Mr. Tenzin Norbu: “20% of the glaciers is retreated in 40 years, so 20% of the glaciers is lost. The Himalaya is retreated on a fast rate compared with European and other glaciers. The permafrost is melting because of the global warming but also due to human interference. In connection with those human disturbances, the change is due to renovations, for example the construction of highways. This has a huge impact on the environment. There is thermal slumping, and the highways need to be repared every few years because of subsidence. There is also vegetation destruction, and because of the highways, the ground temperature is affected. The big questions are: who has benefit of all this, and who is employed? Definitely not the locals. The Chinese always politicize protests by Tibetans, also protests to protect the environment.”

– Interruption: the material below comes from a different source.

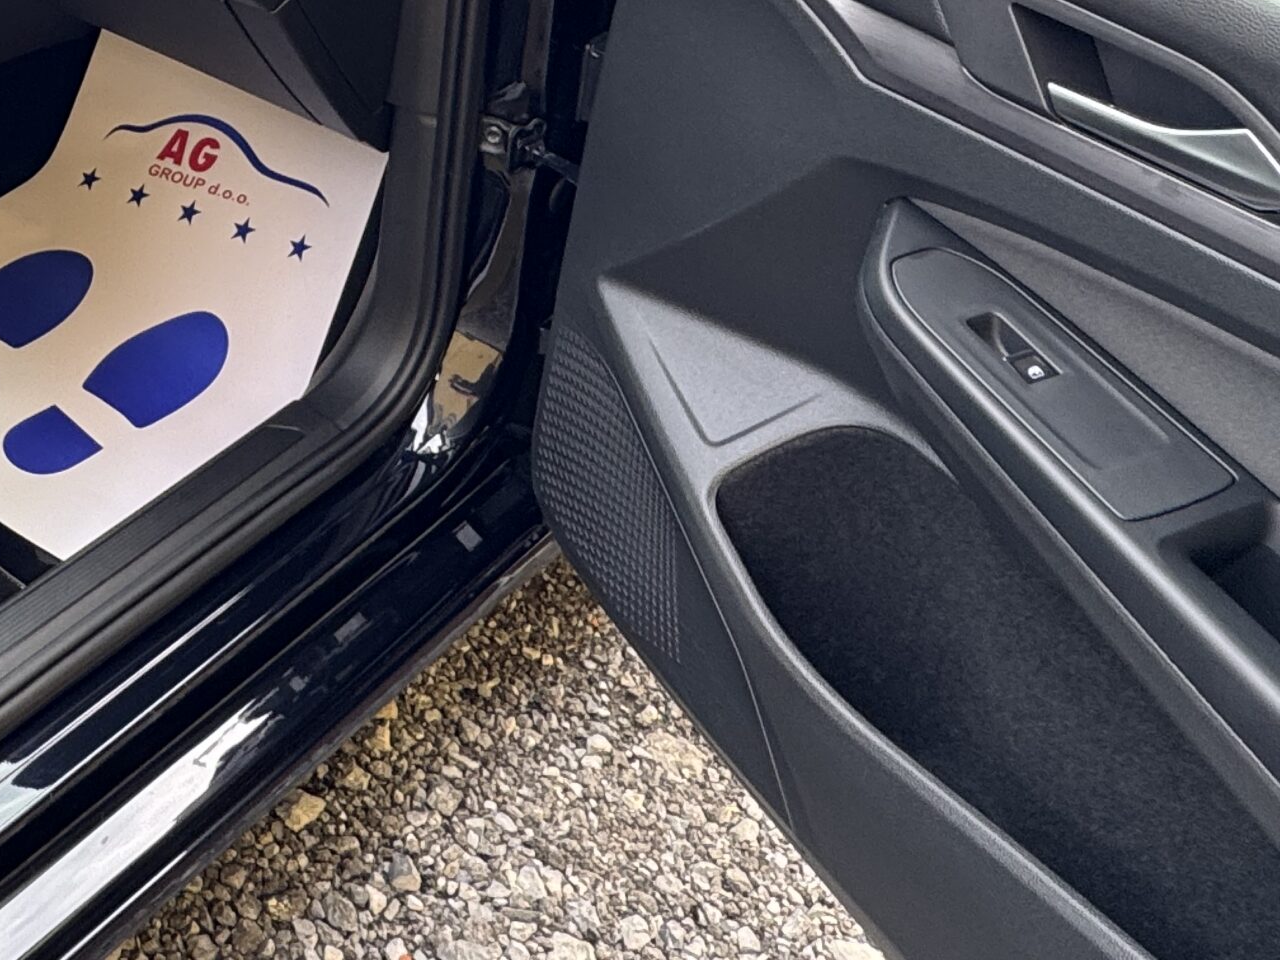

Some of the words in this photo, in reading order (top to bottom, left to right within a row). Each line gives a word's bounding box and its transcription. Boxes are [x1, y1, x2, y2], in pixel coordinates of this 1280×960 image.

[156, 128, 220, 173] AG
[148, 163, 207, 190] GROUP
[207, 183, 250, 206] d.o.o.

The Tibetan Plateau plays an important role in generating and regulating the Asian Monsoon. Nowadays the rainfall is disturbed, even in India. Because of this, there will definitely be much more migration in the future.
At the end of his talk, Mr. Tenzin Norbu asked for more support and protection of the environment: “China is pollutant no. 1. They don’t have the right to destruct the Environment of Tibetans who live there already 8000-9000 years. The most important import from Tibet to India is silence: Tibetans escaping Tibet are afraid to speak when they still have relatives in Tibet. We hope for more support by the European Parliament and Tibet Groups, because saving the Tibetan plateau saves peace and harmony.”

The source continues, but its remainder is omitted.